Em termos globais, os impostos, o acréscimo que vai acontecer do ponto de vista do álcool e do tabaco, reverterão a favor do Sistema Nacional de Saúde que, como sabem, tem um valor de despesa que cresce ano após ano de uma forma muitíssimo significativa, seja por fatores relacionados com as terapias, o custo dos medicamentos, aquilo que é o envelhecimento populacional, toda a tecnologia que existe no setor da saúde que tem custos crescentes e, portanto, diria que desse ponto de vista é um contributo adequado e acho que os portugueses entendem esta lógica de trabalho sobre os impostos.

E esse investimento vai travar aquilo que têm sido as reivindicações dos profissionais do Serviço Nacional de Saúde?
Não queria entrar em políticas de natureza setorial e referir, sim, que existe um reconhecimento de que quer o Sistema de Pensões, quer o Sistema Nacional de Saúde, são fatores de crescimento da nossa despesa a prazo e que exigem que Portugal tenha uma dívida pública em percentagem do PIB mais reduzida para podermos aguentar, com sustentabilidade, o crescimento da despesa nessas duas áreas. Portanto, de certa forma, essa alocação dos impostos à saúde demonstra precisamente que existe uma relação entre os custos que enfrentamos no setor da saúde e determinado tipo de consumos.
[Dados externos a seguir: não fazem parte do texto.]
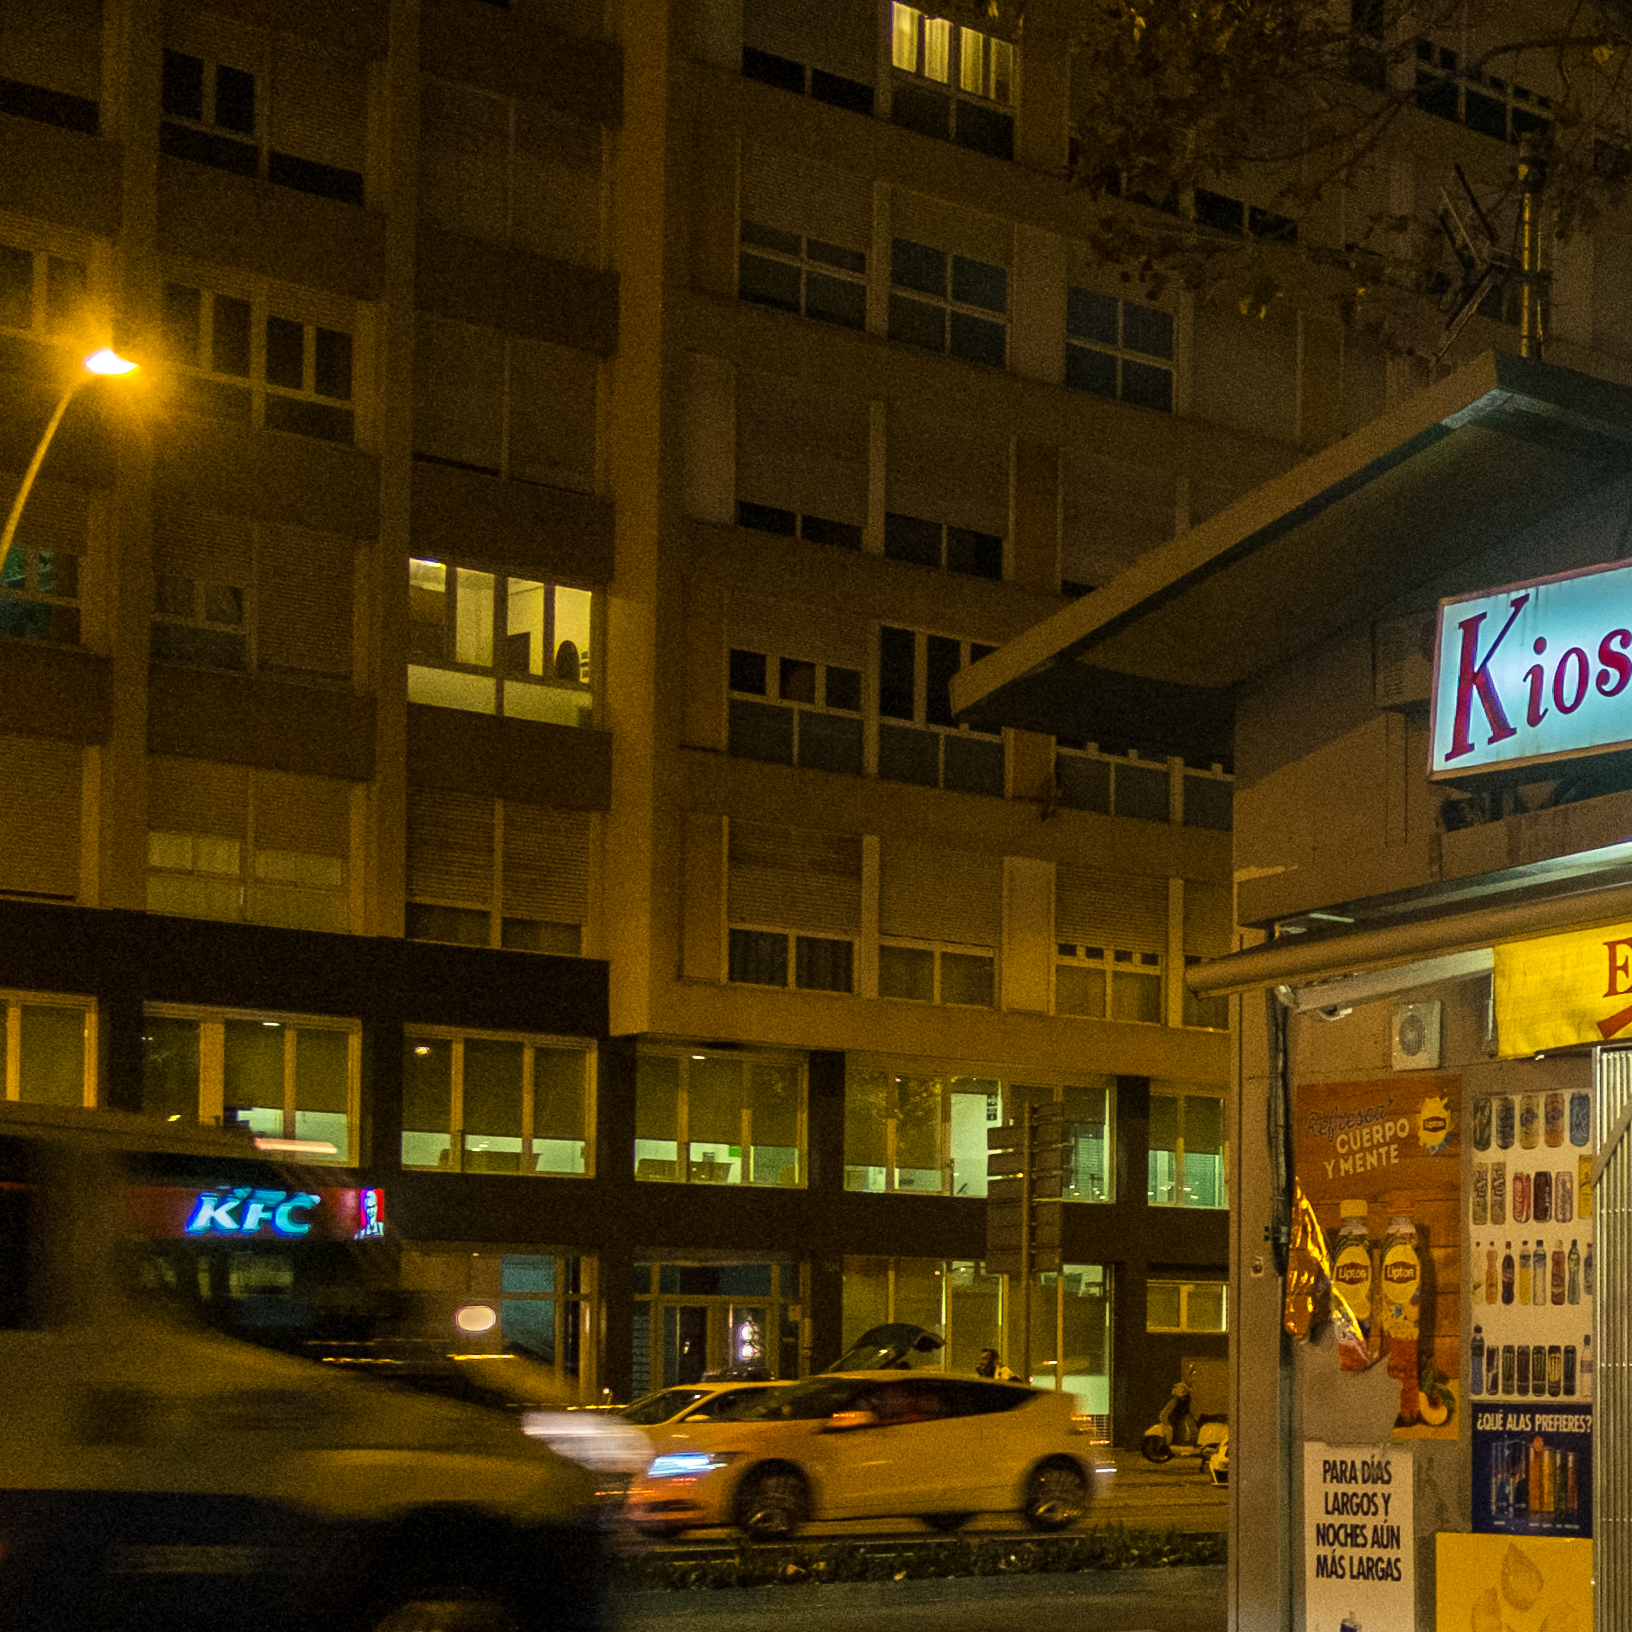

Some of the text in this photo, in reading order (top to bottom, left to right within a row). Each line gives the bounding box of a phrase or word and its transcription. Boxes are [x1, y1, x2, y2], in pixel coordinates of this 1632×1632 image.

[1336, 1118, 1410, 1154] CUERPO
[1323, 1143, 1399, 1179] Y MENTE
[186, 1188, 321, 1236] KFC
[1477, 1408, 1593, 1433] ¿QUÉ ALAS PREFIERES?
[1323, 1454, 1392, 1485] PARA DÍAS
[1324, 1491, 1392, 1517] LARGOS Y
[1316, 1518, 1401, 1550] NOCHES AÚN
[1316, 1548, 1402, 1582] MÁS LARGAS
Mas é uma opção deixar o vinho de fora, por exemplo?
Esta é uma matéria mais da área fiscal, que o secretário de Estado dos Assuntos Fiscais terá oportunidade de discutir convosco.
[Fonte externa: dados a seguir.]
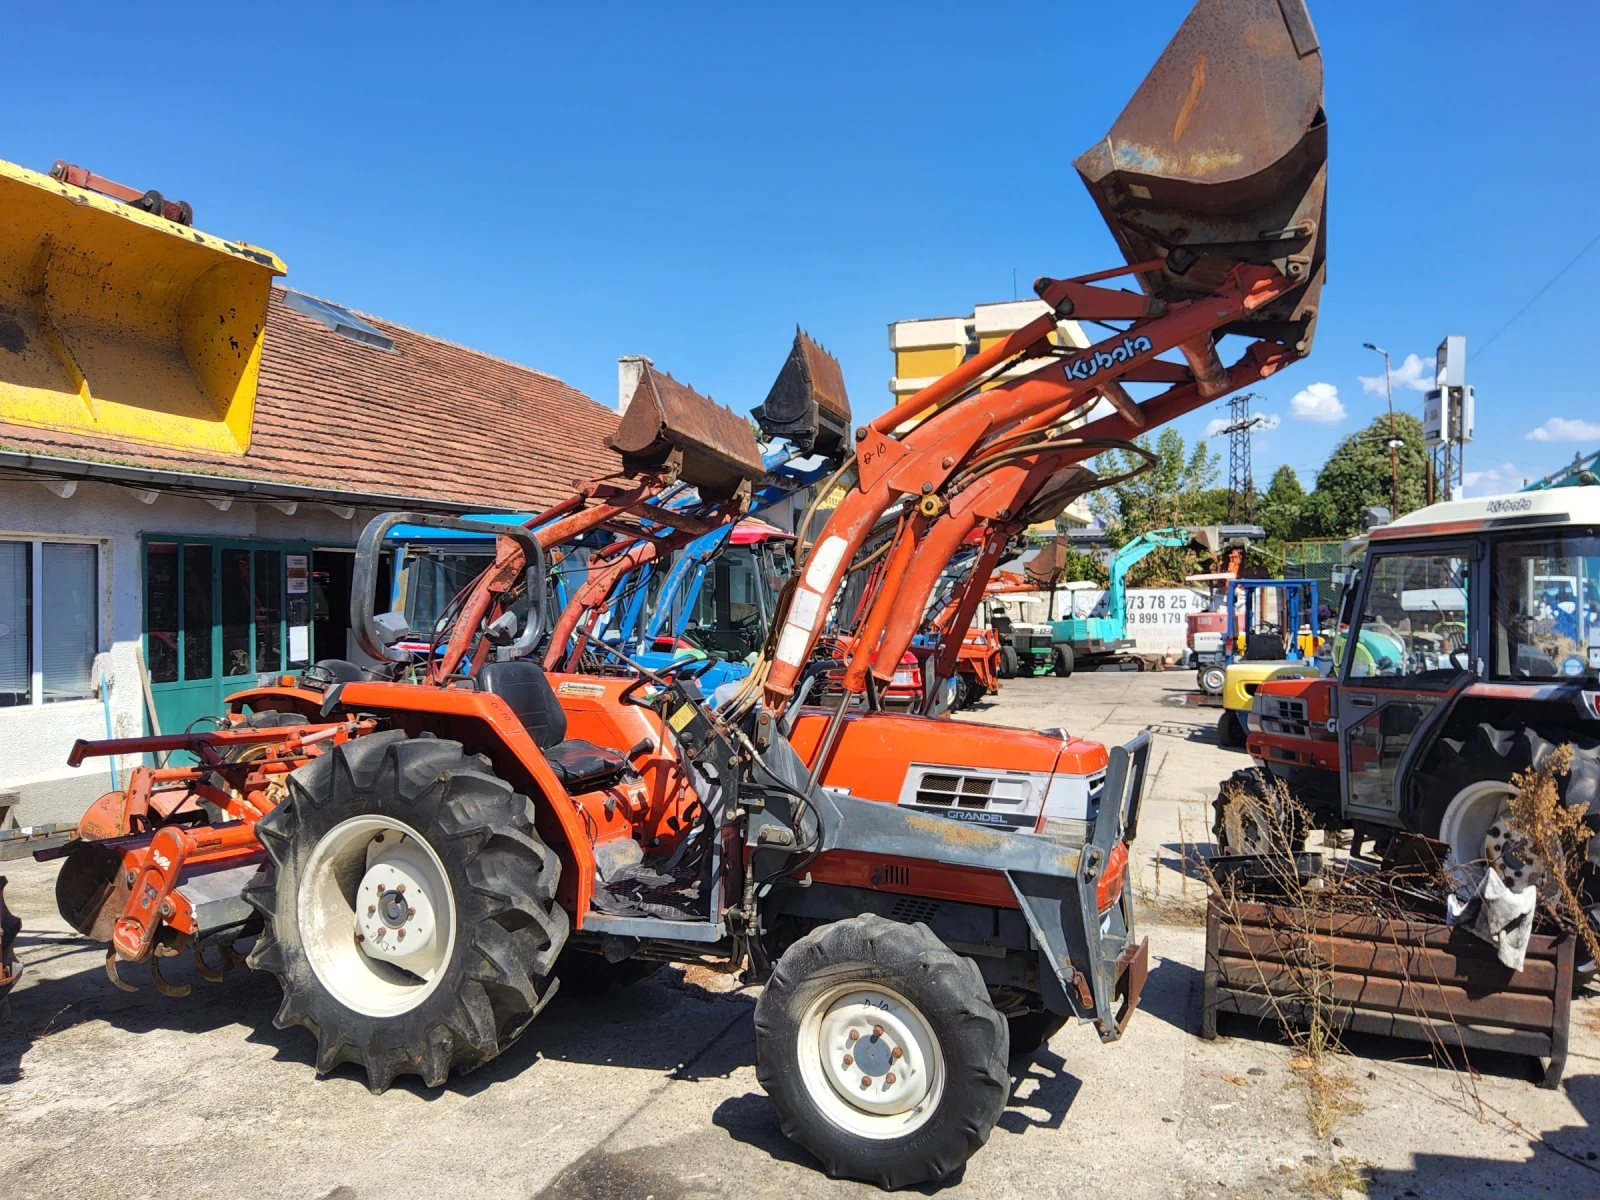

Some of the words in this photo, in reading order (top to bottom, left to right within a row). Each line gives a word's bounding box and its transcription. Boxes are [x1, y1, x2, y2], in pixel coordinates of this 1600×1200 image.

[1063, 335, 1153, 381] Kubota
[1486, 498, 1532, 512] Kubota
[1149, 595, 1166, 609] 78
[1170, 595, 1187, 609] 25
[1139, 612, 1158, 624] 899
[1162, 612, 1181, 624] 179
[947, 810, 1008, 824] GRANDEL
Então vamos a outros temas que não estão diretamente relacionados com o orçamento, mas que também sei que estão na sua alçada, como é o caso da TAP. O primeiro-ministro, António Costa, disse quarta-feira no debate quinzenal - que aliás regressou -, que não é obrigatória a privatização da TAP, já depois de Pedro Nuno Santos ter dito algo no mesmo sentido. Nesse mesmo dia, o PSD acusou o Governo de "ziguezagues", estou a citar. Em que é que ficamos? A privatização da TAP sim ou não?​​​​​​

​​​​​​​Aquilo que julgo que foi o esclarecimento que efetuado é de que a privatização não tinha sido uma condição imposta pela Comissão Europeia no âmbito do processo de reestruturação, ou do plano de reestruturação. Portanto, não sendo uma imposição, é uma decisão do Governo português. Acho que o primeiro-ministro deixou isso claro e, portanto, o que neste momento temos é um decreto de lei para a privatização da empresa que foi aprovada em Conselho de Ministros. Portanto, neste momento já estamos numa circunstância em que o decreto de lei já foi aprovado em Conselho de Ministros e estará neste momento a ser remetido ao Presidente da República para efeitos da sua promulgação.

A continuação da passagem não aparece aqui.